GoFundMe
- Website type: Crowdfunding
- Available in: English
- Headquarters: Redwood City, California, {{{location_country}}}
- Owners: GoFundMe, Inc.
- Creators: Brad Damphousse Andrew Ballester
- CEO: Tim Cadogan
- Launched: May 10, 2010; 16 years ago
- Current status: Active

= GoFundMe =

American crowdfunding platform

GoFundMe is an American for-profit crowdfunding platform that allows people to raise money for events ranging from life events such as celebrations and graduations to challenging circumstances like accidents and illnesses. From 2010 through early 2024, more than $30 billion has been raised on the platform, contributed by over 150 million donors.

== History ==
The company was founded in May 2010 by Brad Damphousse and Andrew Ballester. Both had previously founded Paygr, a website dedicated to allowing members to sell their services to the public. Damphousse and Ballester created the website under the name "CreateAFund" in 2008 but changed the name to GoFundMe after making numerous upgrades. The site was built off of PayPal's API. GoFundMe was founded in San Diego, California.

In March 2017, GoFundMe became the biggest crowdfunding platform, responsible for raising over $3 billion since its debut in 2010. The company receives over $140 million in donations per month and in 2016 made $100 million in revenue. In June 2015, it was announced that Damphousse and Ballester had agreed to sell a majority stake in GoFundMe to Accel Partners and Technology Crossover Ventures. Damphousse and Ballester stepped down from the company's day-to-day oversight. The deal valued GoFundMe at around $600 million. In January 2017, GoFundMe acquired CrowdRise. GoFundMe's CEO is Tim Cadogan. Ballester remains on the board of directors and holds an undisclosed stake in the company.

== Business model ==
Members describe their fundraising cause and the amount they hope to raise, and upload photos or video. Once the website is created, GoFundMe allows users to share their project with people through integrated social network links (Facebook, Twitter, etc.) and email. People can then donate to a user's cause through the website using a debit card or credit card and track the funding. Those who donate can also leave comments on the website. The person raising funds is not charged. Payment processors collect 2.9% and $0.30 from each GoFundMe transaction.

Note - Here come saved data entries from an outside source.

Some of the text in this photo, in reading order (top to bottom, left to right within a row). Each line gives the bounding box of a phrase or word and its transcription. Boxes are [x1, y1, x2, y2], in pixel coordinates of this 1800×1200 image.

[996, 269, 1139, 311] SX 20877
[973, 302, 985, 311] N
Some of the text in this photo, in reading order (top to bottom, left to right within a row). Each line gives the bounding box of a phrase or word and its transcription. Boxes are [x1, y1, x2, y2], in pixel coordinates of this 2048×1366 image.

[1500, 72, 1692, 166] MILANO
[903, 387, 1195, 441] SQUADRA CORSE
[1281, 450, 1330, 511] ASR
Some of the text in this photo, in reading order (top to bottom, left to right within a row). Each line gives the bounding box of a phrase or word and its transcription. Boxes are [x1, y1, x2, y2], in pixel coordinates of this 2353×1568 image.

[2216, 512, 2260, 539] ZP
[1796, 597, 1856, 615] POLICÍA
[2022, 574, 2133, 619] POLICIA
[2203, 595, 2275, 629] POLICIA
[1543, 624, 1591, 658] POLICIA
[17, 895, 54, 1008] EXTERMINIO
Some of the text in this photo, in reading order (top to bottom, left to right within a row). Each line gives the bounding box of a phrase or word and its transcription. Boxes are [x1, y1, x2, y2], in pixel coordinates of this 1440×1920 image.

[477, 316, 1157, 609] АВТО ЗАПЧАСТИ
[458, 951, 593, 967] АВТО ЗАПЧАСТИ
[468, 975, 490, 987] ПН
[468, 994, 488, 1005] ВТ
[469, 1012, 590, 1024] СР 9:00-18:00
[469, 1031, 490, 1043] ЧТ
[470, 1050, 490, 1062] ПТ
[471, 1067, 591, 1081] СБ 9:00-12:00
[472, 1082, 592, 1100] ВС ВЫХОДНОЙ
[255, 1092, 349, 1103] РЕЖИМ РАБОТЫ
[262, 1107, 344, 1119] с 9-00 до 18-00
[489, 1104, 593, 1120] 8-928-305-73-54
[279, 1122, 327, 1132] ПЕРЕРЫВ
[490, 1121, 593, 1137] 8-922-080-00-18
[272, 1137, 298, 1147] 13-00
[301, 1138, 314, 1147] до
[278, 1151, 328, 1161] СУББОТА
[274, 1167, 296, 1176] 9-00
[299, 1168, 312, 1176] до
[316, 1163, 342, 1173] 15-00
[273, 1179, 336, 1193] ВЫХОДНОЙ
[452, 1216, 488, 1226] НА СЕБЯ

GoFundMe is unique to crowdfunding in that the company is not an incentive-based crowdfunding website. Although it does allow projects that are meant to fund other projects for musicians, inventors, etc., the business model is set up to allow for donations to personal causes and life events such as medical bills. GoFundMe also has a special section dedicated solely to users who are trying to raise money to cover their tuition costs. A prominent tuition project helped a user raise $25,000 for an out-of-state tuition to a PhD program. A 2014 tuition project raised over $100,000 for a homeless high school valedictorian to attend college and help his family.

GoFundMe targets social media platforms to create awareness for campaigns, and encourages individual users to promote their fundraiser on social media throughout a campaign. According to a 2018 report by GoFundMe based on past campaign data, a donor sharing a campaign on social media results in $15 of donations on average, while any share of a campaign on social media, regardless of whether the user donated to the campaign, results in $13 of donations on average.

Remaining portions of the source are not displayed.